WHAT THE TASK REQUIRES - Could you return the whole listing exactly?

GIVEN RECORDS -

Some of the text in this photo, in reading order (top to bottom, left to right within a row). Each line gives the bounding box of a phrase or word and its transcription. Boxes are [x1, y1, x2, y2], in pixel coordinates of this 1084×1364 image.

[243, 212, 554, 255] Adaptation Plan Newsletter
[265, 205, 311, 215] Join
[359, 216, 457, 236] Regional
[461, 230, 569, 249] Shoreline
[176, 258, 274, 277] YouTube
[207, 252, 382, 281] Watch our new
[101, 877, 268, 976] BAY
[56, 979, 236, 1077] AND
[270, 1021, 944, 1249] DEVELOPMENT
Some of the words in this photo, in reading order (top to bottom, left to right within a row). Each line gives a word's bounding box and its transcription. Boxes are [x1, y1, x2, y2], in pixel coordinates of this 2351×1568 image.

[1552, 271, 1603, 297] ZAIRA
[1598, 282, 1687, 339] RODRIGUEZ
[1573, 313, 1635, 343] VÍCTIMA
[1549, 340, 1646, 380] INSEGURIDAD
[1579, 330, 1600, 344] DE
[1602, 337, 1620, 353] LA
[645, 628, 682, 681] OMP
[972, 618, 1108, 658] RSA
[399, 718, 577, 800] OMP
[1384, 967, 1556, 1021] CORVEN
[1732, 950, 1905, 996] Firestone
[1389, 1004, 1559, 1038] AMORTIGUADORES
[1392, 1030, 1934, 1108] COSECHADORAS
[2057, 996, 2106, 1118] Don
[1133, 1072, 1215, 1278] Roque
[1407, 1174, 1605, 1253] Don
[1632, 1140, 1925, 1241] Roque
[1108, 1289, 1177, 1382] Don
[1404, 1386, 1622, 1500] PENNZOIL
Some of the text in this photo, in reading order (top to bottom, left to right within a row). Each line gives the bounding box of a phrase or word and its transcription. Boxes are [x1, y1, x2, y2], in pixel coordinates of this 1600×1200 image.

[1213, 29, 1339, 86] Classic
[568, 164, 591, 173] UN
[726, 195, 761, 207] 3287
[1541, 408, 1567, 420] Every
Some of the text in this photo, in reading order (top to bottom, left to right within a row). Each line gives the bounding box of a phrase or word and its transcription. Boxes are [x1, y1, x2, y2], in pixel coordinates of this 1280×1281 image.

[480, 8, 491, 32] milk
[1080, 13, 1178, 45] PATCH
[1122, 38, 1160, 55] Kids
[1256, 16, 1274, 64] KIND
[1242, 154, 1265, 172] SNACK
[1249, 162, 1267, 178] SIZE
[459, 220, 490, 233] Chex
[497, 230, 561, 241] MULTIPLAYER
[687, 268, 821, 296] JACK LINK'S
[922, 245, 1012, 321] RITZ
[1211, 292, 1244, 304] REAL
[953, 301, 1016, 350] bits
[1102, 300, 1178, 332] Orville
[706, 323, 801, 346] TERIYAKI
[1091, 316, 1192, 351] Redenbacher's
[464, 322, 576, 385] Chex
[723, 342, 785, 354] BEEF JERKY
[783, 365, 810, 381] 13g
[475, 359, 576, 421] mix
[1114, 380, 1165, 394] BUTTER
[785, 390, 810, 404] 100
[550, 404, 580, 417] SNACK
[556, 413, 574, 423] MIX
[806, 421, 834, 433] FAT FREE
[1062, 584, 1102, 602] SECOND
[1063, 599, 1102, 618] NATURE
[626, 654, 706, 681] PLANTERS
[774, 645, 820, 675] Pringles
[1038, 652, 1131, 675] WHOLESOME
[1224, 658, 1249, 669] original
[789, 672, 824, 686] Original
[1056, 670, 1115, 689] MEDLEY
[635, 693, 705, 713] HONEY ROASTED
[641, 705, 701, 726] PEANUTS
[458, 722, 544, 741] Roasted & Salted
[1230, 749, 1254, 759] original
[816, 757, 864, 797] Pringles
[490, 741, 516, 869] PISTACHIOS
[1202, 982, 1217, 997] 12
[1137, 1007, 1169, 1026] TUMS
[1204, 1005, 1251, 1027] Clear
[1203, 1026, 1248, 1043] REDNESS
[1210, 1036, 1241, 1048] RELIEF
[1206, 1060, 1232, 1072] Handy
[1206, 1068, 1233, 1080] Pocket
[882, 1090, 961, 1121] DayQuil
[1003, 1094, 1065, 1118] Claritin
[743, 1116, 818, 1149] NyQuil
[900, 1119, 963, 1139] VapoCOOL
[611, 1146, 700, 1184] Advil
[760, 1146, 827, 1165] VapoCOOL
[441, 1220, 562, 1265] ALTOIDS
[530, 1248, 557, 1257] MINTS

SOLUTION TO THIS PROBLEM -
Some of the text in this photo, in reading order (top to bottom, left to right within a row). Each line gives the bounding box of a phrase or word and its transcription. Boxes are [x1, y1, x2, y2], in pixel coordinates of this 1084×1364 image.

[243, 212, 554, 255] Adaptation Plan Newsletter
[265, 205, 311, 215] Join
[359, 216, 457, 236] Regional
[461, 230, 569, 249] Shoreline
[176, 258, 274, 277] YouTube
[207, 252, 382, 281] Watch our new
[101, 877, 268, 976] BAY
[56, 979, 236, 1077] AND
[270, 1021, 944, 1249] DEVELOPMENT
Some of the words in this photo, in reading order (top to bottom, left to right within a row). Each line gives a word's bounding box and its transcription. Boxes are [x1, y1, x2, y2], in pixel coordinates of this 2351×1568 image.

[1552, 271, 1603, 297] ZAIRA
[1598, 282, 1687, 339] RODRIGUEZ
[1573, 313, 1635, 343] VÍCTIMA
[1549, 340, 1646, 380] INSEGURIDAD
[1579, 330, 1600, 344] DE
[1602, 337, 1620, 353] LA
[645, 628, 682, 681] OMP
[972, 618, 1108, 658] RSA
[399, 718, 577, 800] OMP
[1384, 967, 1556, 1021] CORVEN
[1732, 950, 1905, 996] Firestone
[1389, 1004, 1559, 1038] AMORTIGUADORES
[1392, 1030, 1934, 1108] COSECHADORAS
[2057, 996, 2106, 1118] Don
[1133, 1072, 1215, 1278] Roque
[1407, 1174, 1605, 1253] Don
[1632, 1140, 1925, 1241] Roque
[1108, 1289, 1177, 1382] Don
[1404, 1386, 1622, 1500] PENNZOIL
Some of the text in this photo, in reading order (top to bottom, left to right within a row). Each line gives the bounding box of a phrase or word and its transcription. Boxes are [x1, y1, x2, y2], in pixel coordinates of this 1600×1200 image.

[1213, 29, 1339, 86] Classic
[568, 164, 591, 173] UN
[726, 195, 761, 207] 3287
[1541, 408, 1567, 420] Every
Some of the text in this photo, in reading order (top to bottom, left to right within a row). Each line gives the bounding box of a phrase or word and its transcription. Boxes are [x1, y1, x2, y2], in pixel coordinates of this 1280×1281 image.

[480, 8, 491, 32] milk
[1080, 13, 1178, 45] PATCH
[1122, 38, 1160, 55] Kids
[1256, 16, 1274, 64] KIND
[1242, 154, 1265, 172] SNACK
[1249, 162, 1267, 178] SIZE
[459, 220, 490, 233] Chex
[497, 230, 561, 241] MULTIPLAYER
[687, 268, 821, 296] JACK LINK'S
[922, 245, 1012, 321] RITZ
[1211, 292, 1244, 304] REAL
[953, 301, 1016, 350] bits
[1102, 300, 1178, 332] Orville
[706, 323, 801, 346] TERIYAKI
[1091, 316, 1192, 351] Redenbacher's
[464, 322, 576, 385] Chex
[723, 342, 785, 354] BEEF JERKY
[783, 365, 810, 381] 13g
[475, 359, 576, 421] mix
[1114, 380, 1165, 394] BUTTER
[785, 390, 810, 404] 100
[550, 404, 580, 417] SNACK
[556, 413, 574, 423] MIX
[806, 421, 834, 433] FAT FREE
[1062, 584, 1102, 602] SECOND
[1063, 599, 1102, 618] NATURE
[626, 654, 706, 681] PLANTERS
[774, 645, 820, 675] Pringles
[1038, 652, 1131, 675] WHOLESOME
[1224, 658, 1249, 669] original
[789, 672, 824, 686] Original
[1056, 670, 1115, 689] MEDLEY
[635, 693, 705, 713] HONEY ROASTED
[641, 705, 701, 726] PEANUTS
[458, 722, 544, 741] Roasted & Salted
[1230, 749, 1254, 759] original
[816, 757, 864, 797] Pringles
[490, 741, 516, 869] PISTACHIOS
[1202, 982, 1217, 997] 12
[1137, 1007, 1169, 1026] TUMS
[1204, 1005, 1251, 1027] Clear
[1203, 1026, 1248, 1043] REDNESS
[1210, 1036, 1241, 1048] RELIEF
[1206, 1060, 1232, 1072] Handy
[1206, 1068, 1233, 1080] Pocket
[882, 1090, 961, 1121] DayQuil
[1003, 1094, 1065, 1118] Claritin
[743, 1116, 818, 1149] NyQuil
[900, 1119, 963, 1139] VapoCOOL
[611, 1146, 700, 1184] Advil
[760, 1146, 827, 1165] VapoCOOL
[441, 1220, 562, 1265] ALTOIDS
[530, 1248, 557, 1257] MINTS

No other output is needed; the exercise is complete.